Dataset extract:
----
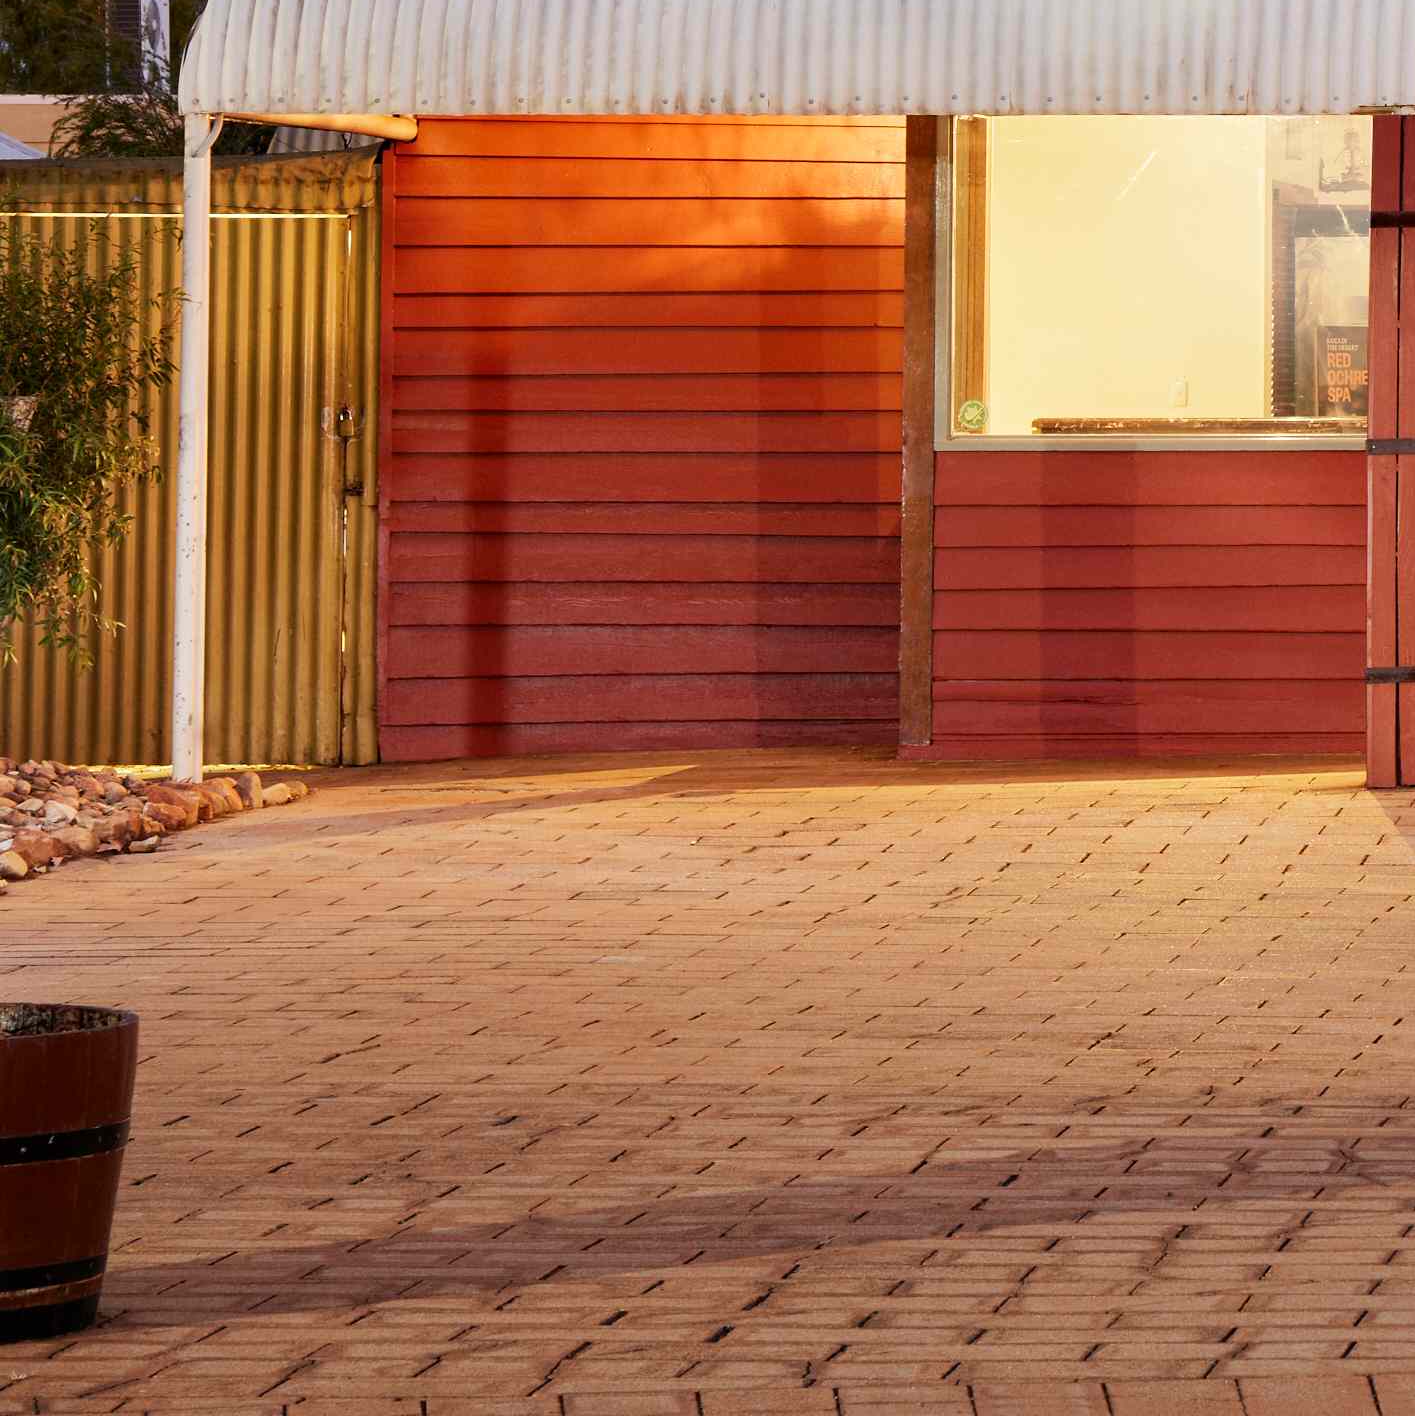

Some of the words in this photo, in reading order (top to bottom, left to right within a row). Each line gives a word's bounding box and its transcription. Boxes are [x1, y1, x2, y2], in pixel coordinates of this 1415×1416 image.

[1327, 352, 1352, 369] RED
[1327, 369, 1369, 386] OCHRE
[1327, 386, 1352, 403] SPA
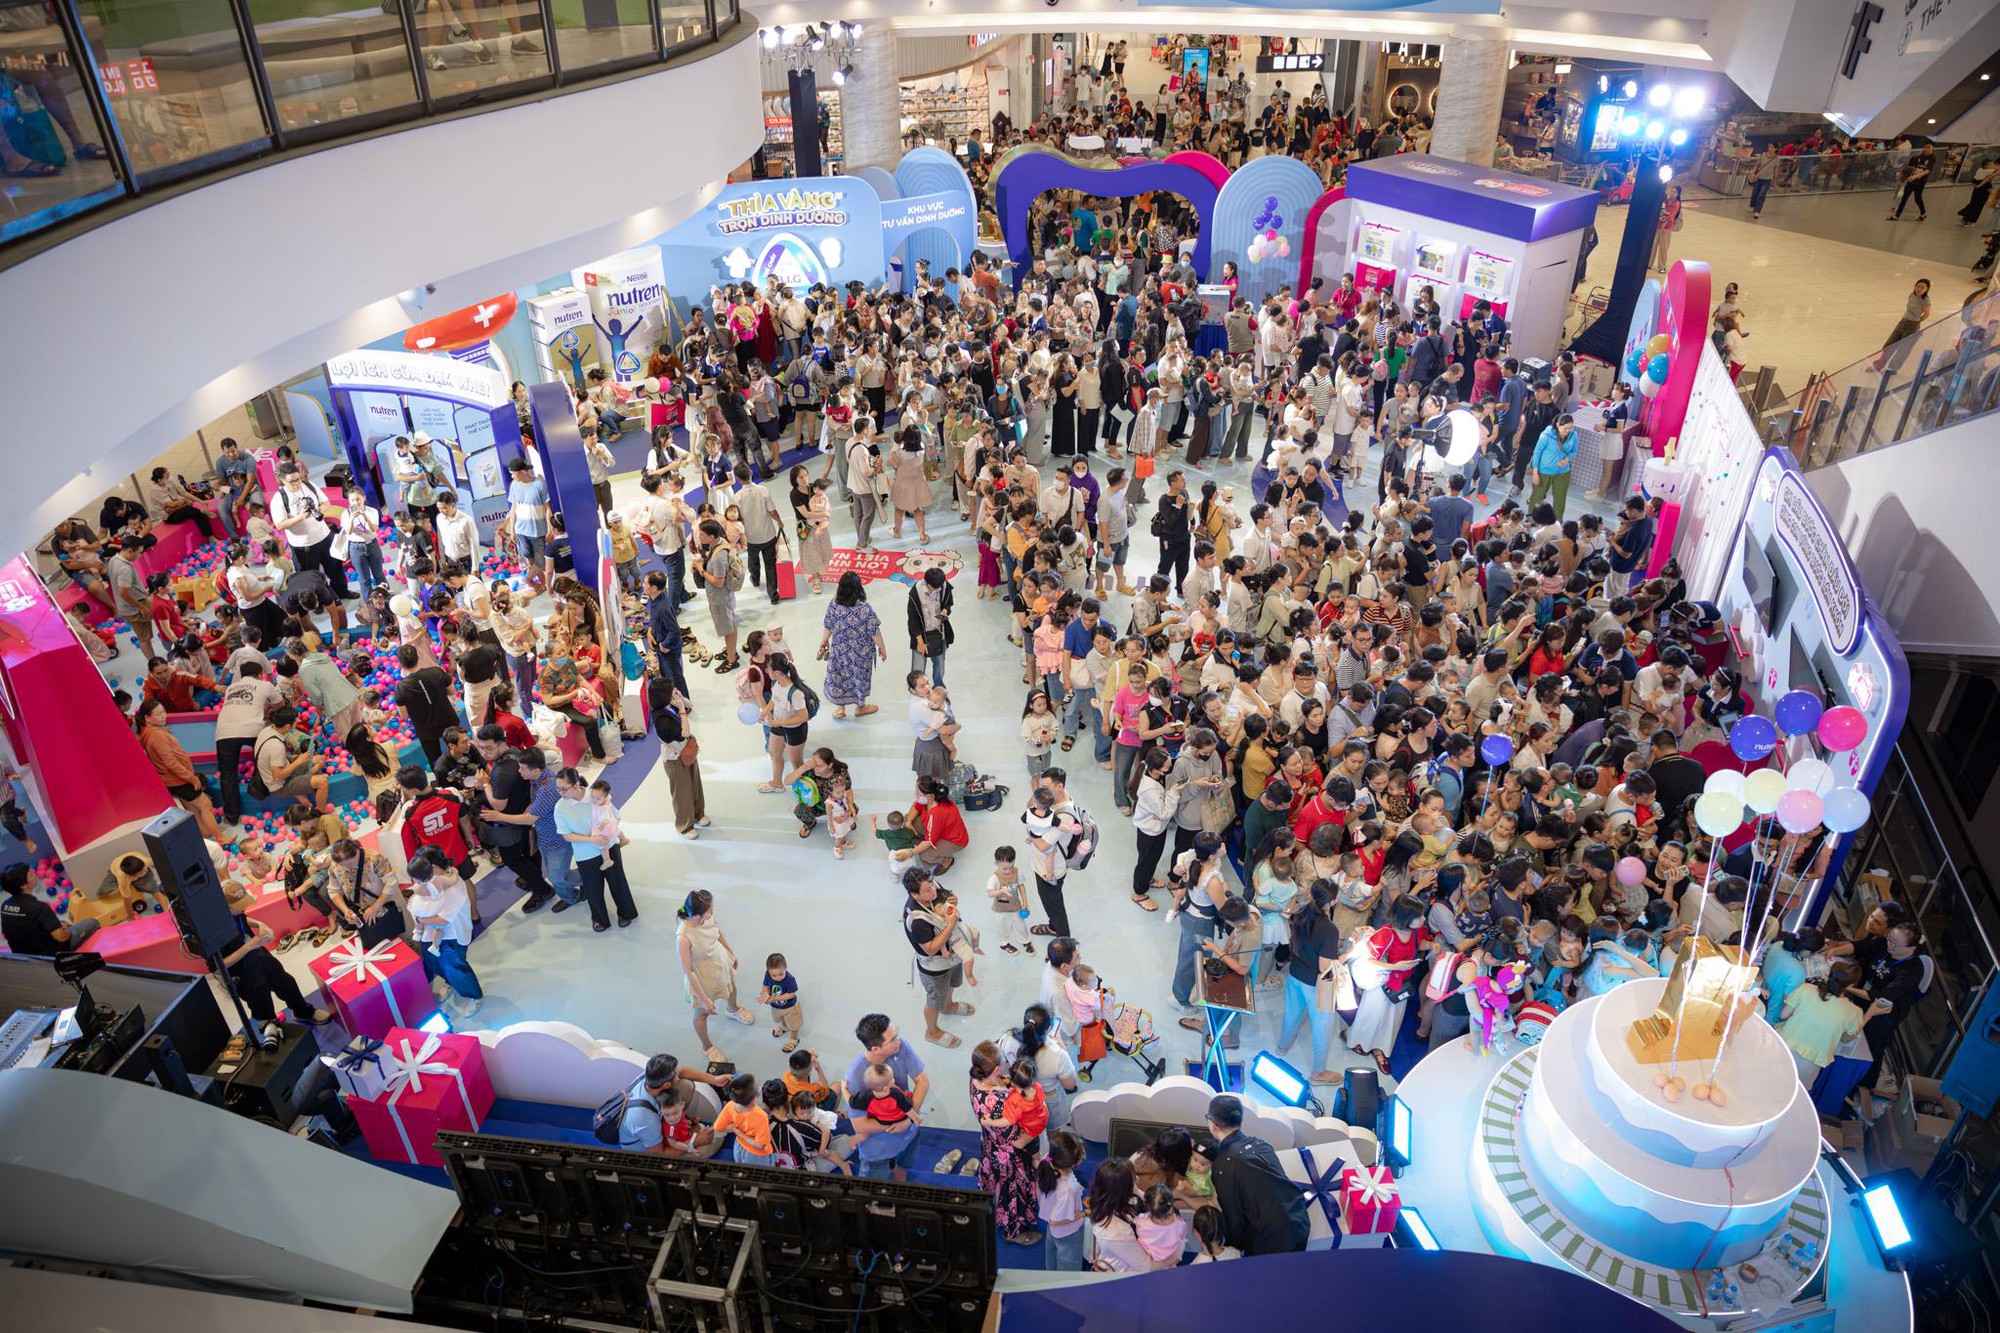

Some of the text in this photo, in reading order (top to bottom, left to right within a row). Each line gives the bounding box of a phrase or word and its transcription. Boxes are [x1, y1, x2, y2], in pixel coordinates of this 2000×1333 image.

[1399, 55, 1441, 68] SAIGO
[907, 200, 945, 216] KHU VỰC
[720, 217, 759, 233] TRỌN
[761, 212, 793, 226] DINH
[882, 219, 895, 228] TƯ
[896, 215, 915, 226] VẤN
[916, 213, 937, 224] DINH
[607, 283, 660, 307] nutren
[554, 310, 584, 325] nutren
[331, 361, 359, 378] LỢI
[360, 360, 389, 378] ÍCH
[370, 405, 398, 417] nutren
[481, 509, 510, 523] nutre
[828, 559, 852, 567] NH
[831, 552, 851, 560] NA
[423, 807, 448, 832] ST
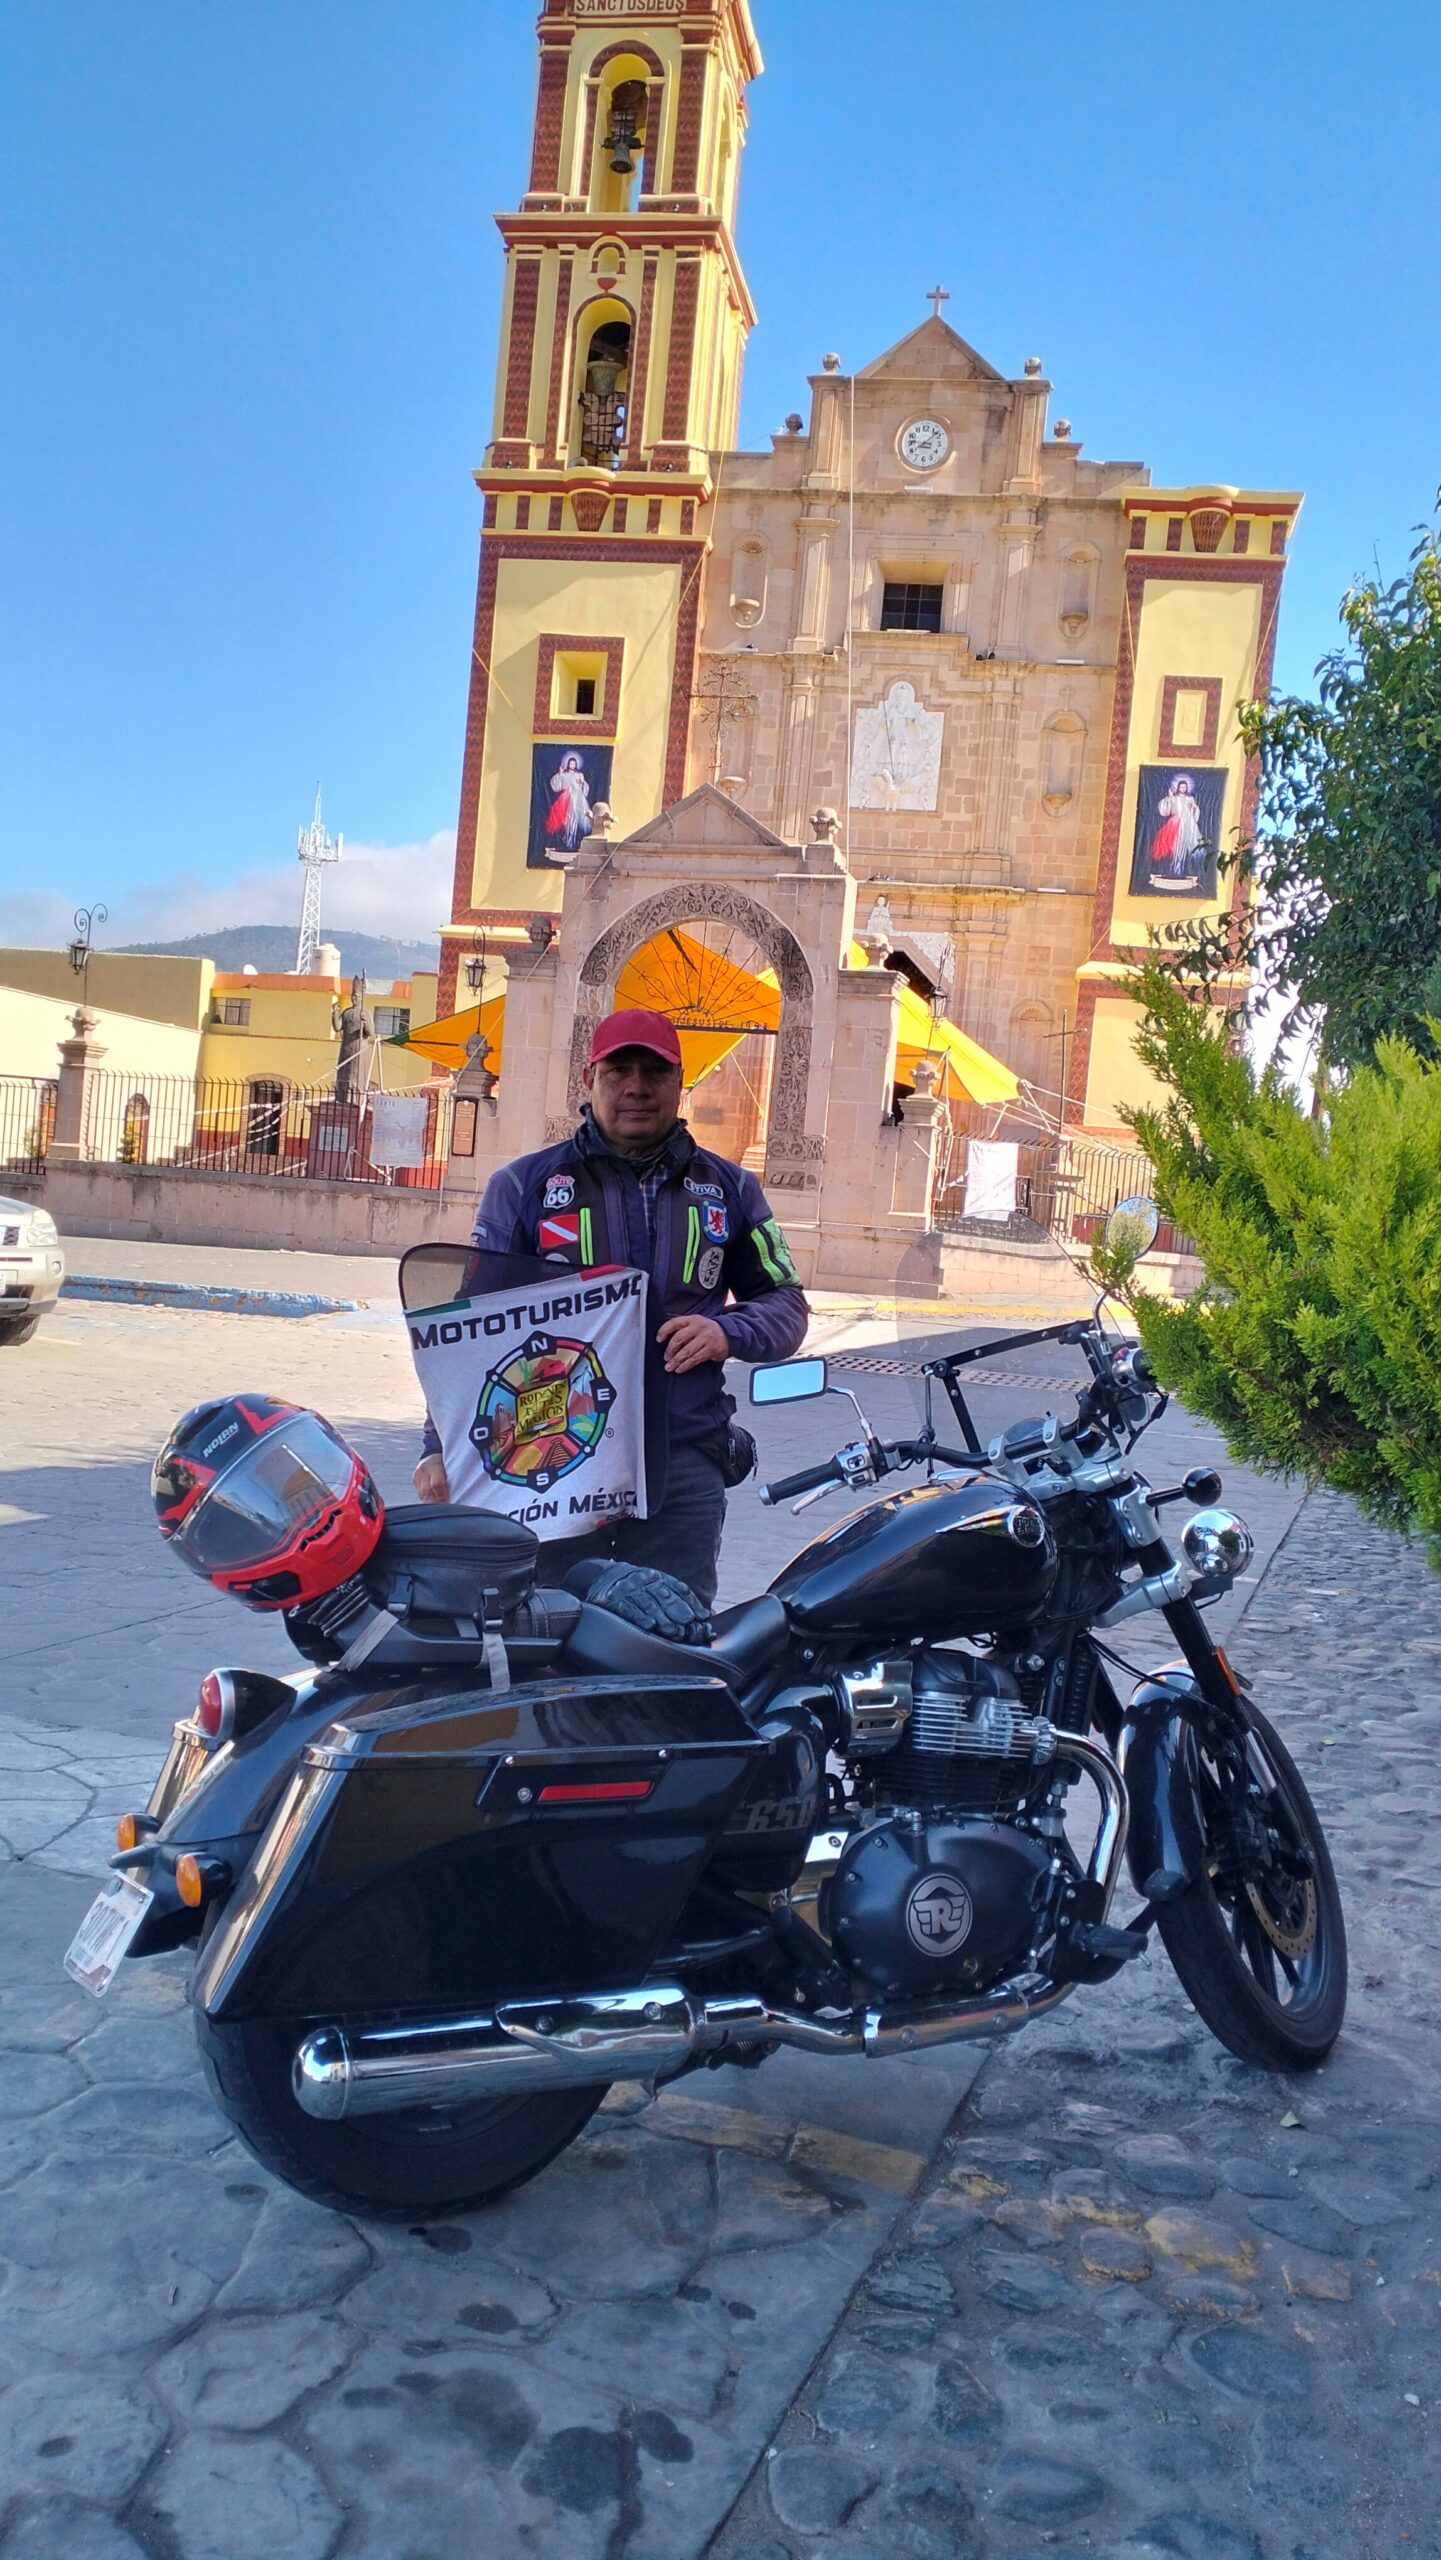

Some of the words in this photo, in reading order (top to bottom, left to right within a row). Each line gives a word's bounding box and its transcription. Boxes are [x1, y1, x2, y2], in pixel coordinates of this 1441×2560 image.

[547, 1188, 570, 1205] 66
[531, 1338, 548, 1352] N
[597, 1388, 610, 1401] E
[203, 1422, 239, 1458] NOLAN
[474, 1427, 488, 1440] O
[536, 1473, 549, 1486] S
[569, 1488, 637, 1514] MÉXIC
----
Goal of the exercise:
Before you return the listing exactly, strip out its pictures.

Response:
Some of the words in this photo, in reading order (top to bottom, left to right within a row). Each line gives a word's bounding box and its transcription. Boxes are [x1, y1, x2, y2], in pixel coordinates of this 1415×1416 image.

[1327, 352, 1352, 369] RED
[1327, 369, 1369, 386] OCHRE
[1327, 386, 1352, 403] SPA

Some of the text in this photo, in reading order (top to bottom, left to right within a row). Each line gives the bounding box of a phrase or word and its transcription. Boxes are [x1, y1, x2, y2], in pixel coordinates of this 2000×1333 image.

[1399, 55, 1441, 68] SAIGO
[907, 200, 945, 216] KHU VỰC
[720, 217, 759, 233] TRỌN
[761, 212, 793, 226] DINH
[882, 219, 895, 228] TƯ
[896, 215, 915, 226] VẤN
[916, 213, 937, 224] DINH
[607, 283, 660, 307] nutren
[554, 310, 584, 325] nutren
[331, 361, 359, 378] LỢI
[360, 360, 389, 378] ÍCH
[370, 405, 398, 417] nutren
[481, 509, 510, 523] nutre
[828, 559, 852, 567] NH
[831, 552, 851, 560] NA
[423, 807, 448, 832] ST

Some of the words in this photo, in reading order (top to bottom, left to right within a row). Each line gives a word's bounding box and its transcription. Boxes are [x1, y1, x2, y2], in pixel coordinates of this 1441×2560 image.

[547, 1188, 570, 1205] 66
[531, 1338, 548, 1352] N
[597, 1388, 610, 1401] E
[203, 1422, 239, 1458] NOLAN
[474, 1427, 488, 1440] O
[536, 1473, 549, 1486] S
[569, 1488, 637, 1514] MÉXIC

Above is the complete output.